Source records
((
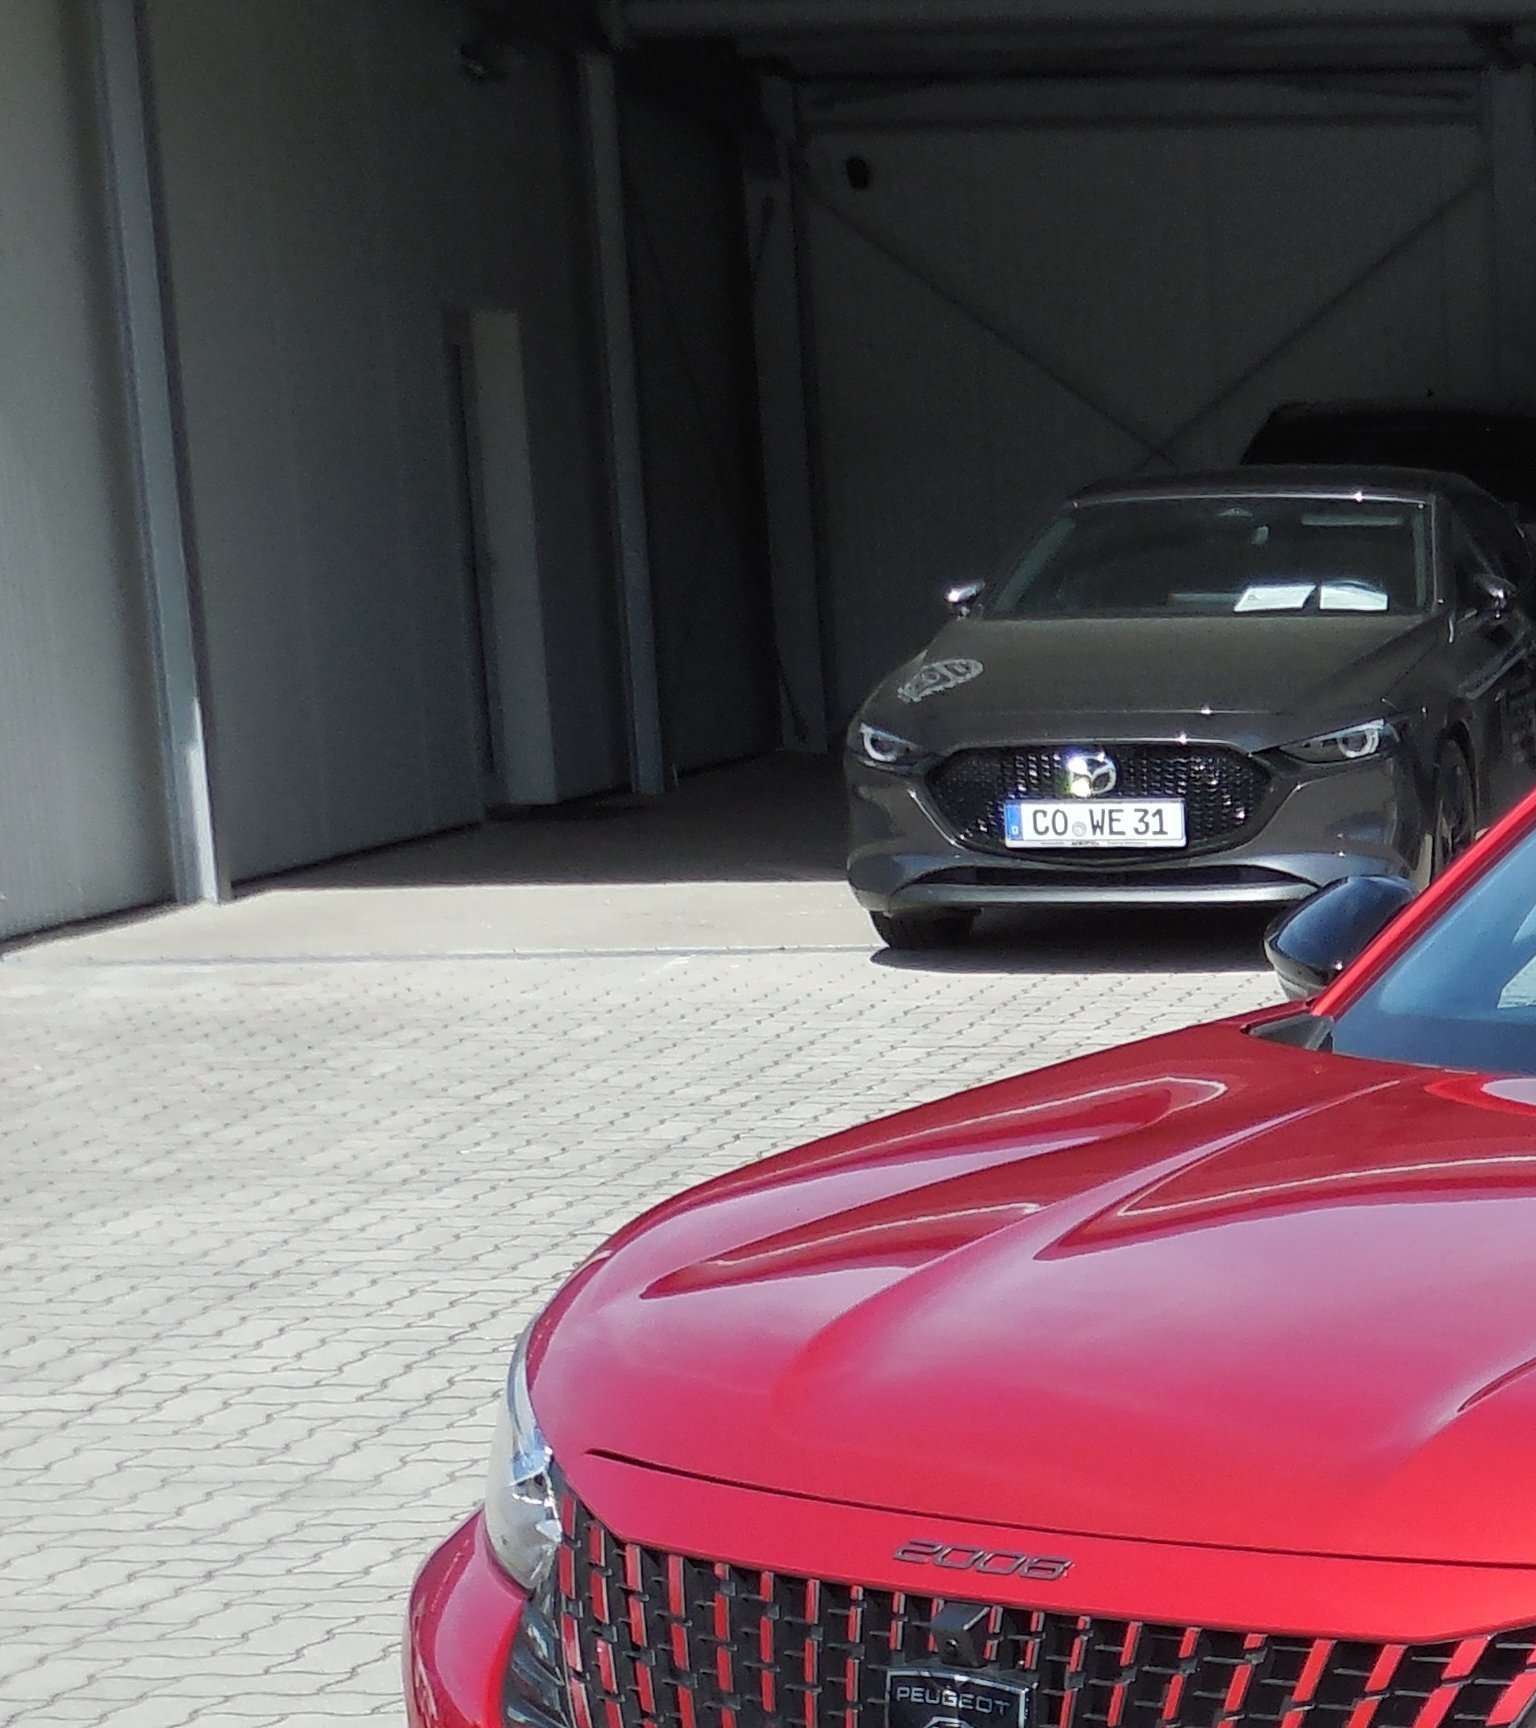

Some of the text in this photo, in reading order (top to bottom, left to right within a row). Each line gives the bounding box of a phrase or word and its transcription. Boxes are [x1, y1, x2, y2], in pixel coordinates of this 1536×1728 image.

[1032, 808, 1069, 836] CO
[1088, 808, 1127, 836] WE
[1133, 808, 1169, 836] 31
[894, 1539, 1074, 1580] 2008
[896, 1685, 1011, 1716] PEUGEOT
))
▸ Try it:
Pictures aside, return all the entries above exactly.

▸ Task solution:
Some of the text in this photo, in reading order (top to bottom, left to right within a row). Each line gives the bounding box of a phrase or word and its transcription. Boxes are [x1, y1, x2, y2], in pixel coordinates of this 1536×1728 image.

[1032, 808, 1069, 836] CO
[1088, 808, 1127, 836] WE
[1133, 808, 1169, 836] 31
[894, 1539, 1074, 1580] 2008
[896, 1685, 1011, 1716] PEUGEOT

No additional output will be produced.